Robust Quantification of Percent Emphysema on CT via Domain Attention: the Multi-Ethnic Study of Atherosclerosis (MESA) Lung Study
This work addresses the problem of efficient and accurate emphysema quantification for large-scale research studies and clinical translation, though it is incremental as it builds on an existing HMMF segmentation framework.
The paper tackled the challenge of robustly quantifying pulmonary emphysema on CT scans from different scanner types by developing an end-to-end deep learning framework with a novel domain attention block to fuse image features with scanner priors, which significantly improved results compared to a regular UNet.
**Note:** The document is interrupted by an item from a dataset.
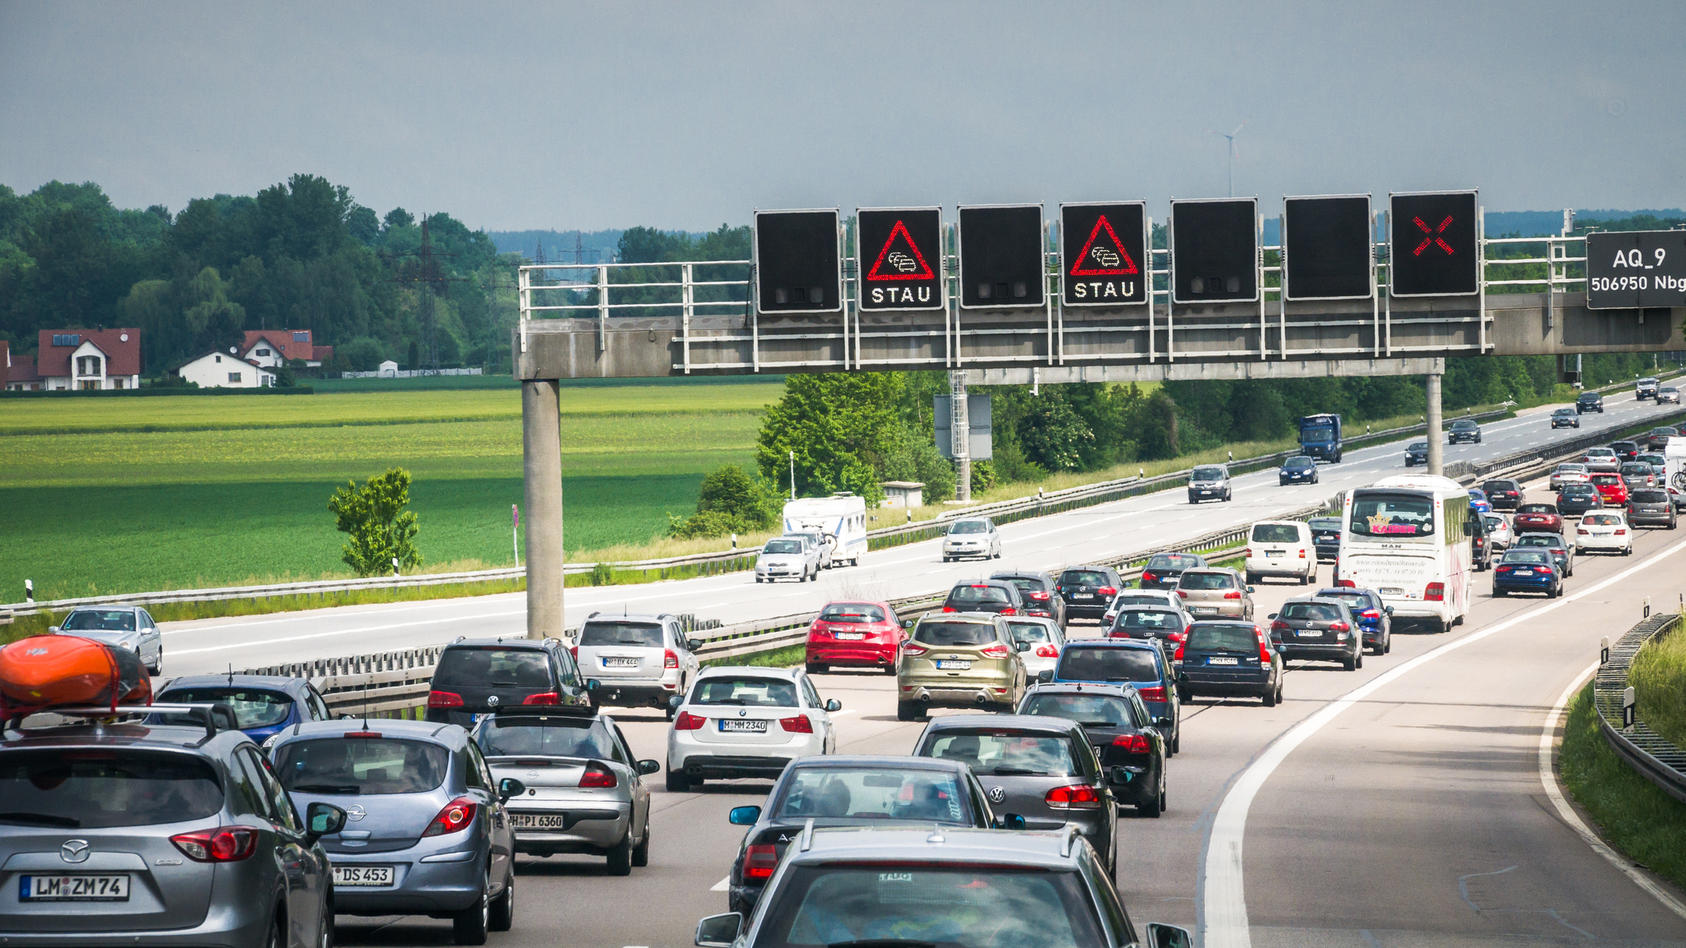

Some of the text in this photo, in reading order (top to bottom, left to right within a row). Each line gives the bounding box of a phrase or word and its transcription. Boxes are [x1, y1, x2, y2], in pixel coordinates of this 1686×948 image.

Robust quantification of pulmonary emphysema on computed tomography (CT) remains challenging for large-scale research studies that involve scans from different scanner types and for translation to clinical scans. Existing studies have explored several directions to tackle this challenge, including density correction, noise filtering, regression, hidden Markov measure field (HMMF) model-based segmentation, and volume-adjusted lung density. Despite some promising results, previous studies either required a tedious workflow or limited opportunities for downstream emphysema subtyping, limiting efficient adaptation on a large-scale study. To alleviate this dilemma, we developed an end-to-end deep learning framework based on an existing HMMF segmentation framework. We first demonstrate that a regular UNet cannot replicate the existing HMMF results because of the lack of scanner priors. We then design a novel domain attention block to fuse image feature with quantitative scanner priors which significantly improves the results.